The Final Solution (to my WoW addiction)

I have finally solved my WoW addiction problem. And yes, just like SL - I actually did a really nice project while I was in there (working for a guild). I happily created a site and a blog for them as well as a raiding calendar and many others. You can take the game from the programmer, but you can't take the programmer from the game!

After tooling around in-world in WoW for about , oh six months or so, I'm pretty much clear on what I need to do. There's alot I've already taken: the stunning beauty of Mauradon, edgy sunsets on Thunder Bluff where I mind controlled horde to jump to their death. Winning the DPS Race in Warsong.

I usually keep pretty decent priorities. This game violated those priorities. The most important thing in my life right now is the sort of undefined, quest that is life . Some people call it god. So be it. Then comes the kids and the wife - whom I miss very much. Funny how I sort of set things straight about how I am going to be, when she was gone before she left. Work then follows. Work really edges in right about third place. Then after that you have running, etc.

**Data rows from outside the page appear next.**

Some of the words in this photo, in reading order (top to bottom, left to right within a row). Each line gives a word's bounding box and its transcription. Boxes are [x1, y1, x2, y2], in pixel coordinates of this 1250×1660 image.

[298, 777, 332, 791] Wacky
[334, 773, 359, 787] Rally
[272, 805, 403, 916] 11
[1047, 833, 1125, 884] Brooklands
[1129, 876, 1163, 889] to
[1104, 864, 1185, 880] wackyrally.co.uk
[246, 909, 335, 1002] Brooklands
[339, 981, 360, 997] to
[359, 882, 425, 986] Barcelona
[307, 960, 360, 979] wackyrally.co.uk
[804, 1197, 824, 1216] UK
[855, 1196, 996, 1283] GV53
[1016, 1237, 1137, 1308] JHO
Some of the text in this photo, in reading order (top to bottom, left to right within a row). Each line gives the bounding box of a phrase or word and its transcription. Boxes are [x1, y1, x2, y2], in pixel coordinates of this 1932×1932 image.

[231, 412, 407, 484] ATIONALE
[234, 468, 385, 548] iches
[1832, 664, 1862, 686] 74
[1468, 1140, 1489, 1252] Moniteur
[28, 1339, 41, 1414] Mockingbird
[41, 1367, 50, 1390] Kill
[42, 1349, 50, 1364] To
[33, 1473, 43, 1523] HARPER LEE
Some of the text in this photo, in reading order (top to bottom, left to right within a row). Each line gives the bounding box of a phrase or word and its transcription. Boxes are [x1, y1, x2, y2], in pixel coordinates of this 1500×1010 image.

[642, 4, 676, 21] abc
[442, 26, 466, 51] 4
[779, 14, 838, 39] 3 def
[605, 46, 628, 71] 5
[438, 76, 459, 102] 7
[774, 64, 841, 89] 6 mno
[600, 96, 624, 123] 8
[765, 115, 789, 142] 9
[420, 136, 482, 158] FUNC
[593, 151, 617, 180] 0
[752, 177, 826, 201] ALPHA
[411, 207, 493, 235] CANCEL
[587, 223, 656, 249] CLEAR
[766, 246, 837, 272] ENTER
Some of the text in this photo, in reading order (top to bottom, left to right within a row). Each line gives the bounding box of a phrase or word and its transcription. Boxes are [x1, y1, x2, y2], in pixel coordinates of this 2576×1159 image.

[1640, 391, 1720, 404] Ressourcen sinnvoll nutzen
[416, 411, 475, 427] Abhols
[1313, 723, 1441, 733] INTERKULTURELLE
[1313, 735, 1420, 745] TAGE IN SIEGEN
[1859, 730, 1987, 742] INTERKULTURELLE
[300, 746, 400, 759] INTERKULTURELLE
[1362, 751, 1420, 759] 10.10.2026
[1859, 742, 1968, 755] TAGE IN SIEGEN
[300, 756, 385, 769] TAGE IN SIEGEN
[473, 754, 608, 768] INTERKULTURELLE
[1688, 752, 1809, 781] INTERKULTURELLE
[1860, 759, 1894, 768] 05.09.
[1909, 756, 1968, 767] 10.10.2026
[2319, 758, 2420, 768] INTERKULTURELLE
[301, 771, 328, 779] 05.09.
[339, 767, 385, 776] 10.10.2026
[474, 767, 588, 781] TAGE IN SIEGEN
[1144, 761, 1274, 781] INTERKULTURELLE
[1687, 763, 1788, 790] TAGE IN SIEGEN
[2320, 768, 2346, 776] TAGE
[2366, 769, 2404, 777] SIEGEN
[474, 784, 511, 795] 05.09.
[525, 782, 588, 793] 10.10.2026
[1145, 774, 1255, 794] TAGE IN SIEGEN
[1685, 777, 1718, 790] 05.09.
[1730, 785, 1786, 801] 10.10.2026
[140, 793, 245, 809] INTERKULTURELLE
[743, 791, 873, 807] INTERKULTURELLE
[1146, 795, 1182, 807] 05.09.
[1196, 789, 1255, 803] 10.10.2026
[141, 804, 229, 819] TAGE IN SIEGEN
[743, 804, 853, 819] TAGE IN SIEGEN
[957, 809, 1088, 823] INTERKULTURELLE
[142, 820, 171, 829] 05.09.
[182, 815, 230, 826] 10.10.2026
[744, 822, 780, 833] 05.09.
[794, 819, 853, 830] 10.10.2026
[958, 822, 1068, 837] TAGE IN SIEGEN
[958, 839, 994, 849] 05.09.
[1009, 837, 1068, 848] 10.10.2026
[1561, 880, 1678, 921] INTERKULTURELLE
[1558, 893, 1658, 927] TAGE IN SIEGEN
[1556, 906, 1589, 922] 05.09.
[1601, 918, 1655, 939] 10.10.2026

Several hints and insights in WoW are provided - most of the game programmers had to solve the same problems we are solving (or walking away from). They want you to break the addiction and use the game in a healthy way. Credit goes to them, as much as anyone - for helping me find me way out.

The solution was to notice three things :

  • The environment is social - and your role that you take is part of your social expression
  • That ability to do things in that social framework, for yourself and others - is practice for doing it in real life - help others, and find adventures and quests. Its all about the quests - grinders just don't get it.
  • There be currency in all things !

I guess we will go with last, first. The currency aspect of the game was my final key to escape. Basically, I was playing three characters. There were two mains, and one support character. This is essentially how I set up a successful business in Second Life, and how I operated there as well. They are not really "alts" or any one being a "main" because they are all given fairly equal treatment.

The three characters I play are a Mage and an auction house specialist (mule).

Quests are fun, but perhaps the neatest thing I found was a way to generate gold (currency) by selling things in AH. This was a major insight and a major way out of the game for me. I realized, first, the game allows for a sort of business with training wheels type of thing happening-- When I found out how to generate profit without farming I realized that I had popped the lid off of a really neat set of circumstances that pointed back to my own skill in business. Obviously its not really something to write home about, but being desperate right now to get my small business off the ground - and so being able to find that in-world was as fun as finding it in Second Life. Translate. Alot of fun.

Its very hard to be a good businessman in the software industry - too much ephemera. Undocumented code, poor ability. Missed deadlines. Makes it a grey market item . Software isn't like , say. - pizza. You buy materials, make it. Its either good or bad. People buy it or they don't. In software, you have the aspect of variable skill and variable output to deal with.

So, in-world, I have this fixed margin business. I get a kick out of making markets in the AH for the Alliance and.. perhaps... destroying them for the Horde. I experiment with prices, discovered how raising a price can soften demand, lowering it can strengthen the demand, etc. I make markets. I buy out my competition. Undercut them. And I make a small fortune. Its funny to see a low level character banking more money than an entire guild.

The social aspects of the game were what you recognize first they are probably your first - one discovered how to play together. Companionship. Equality of men and women, and dissolution of the boundaries that race would provide. A draenei can be chinese, german, english. It doesn't matter. Its the sword in the fight. And its surprising how many women are actually quite good at the game. Then again they know how to play together since they're little so men sometimes have catching up to do in that category.

So off with the training wheels. And I am off to do this in real life. WoW will stay around, but its entertainment. And education. I got a good deal. One more thing. The fact that this happens at a point where I can sell my characters isn't a mistake. High levels fetch anywhere from 300 to 1500 dollars on ebay. Blizzard doesn't like it, but people do it just the same.

My life for the Horde.

Comments

Anonymous said…
Wow is a addiction and it has destroyed many things. It made people forget about reality. It is good if it is not an addiction.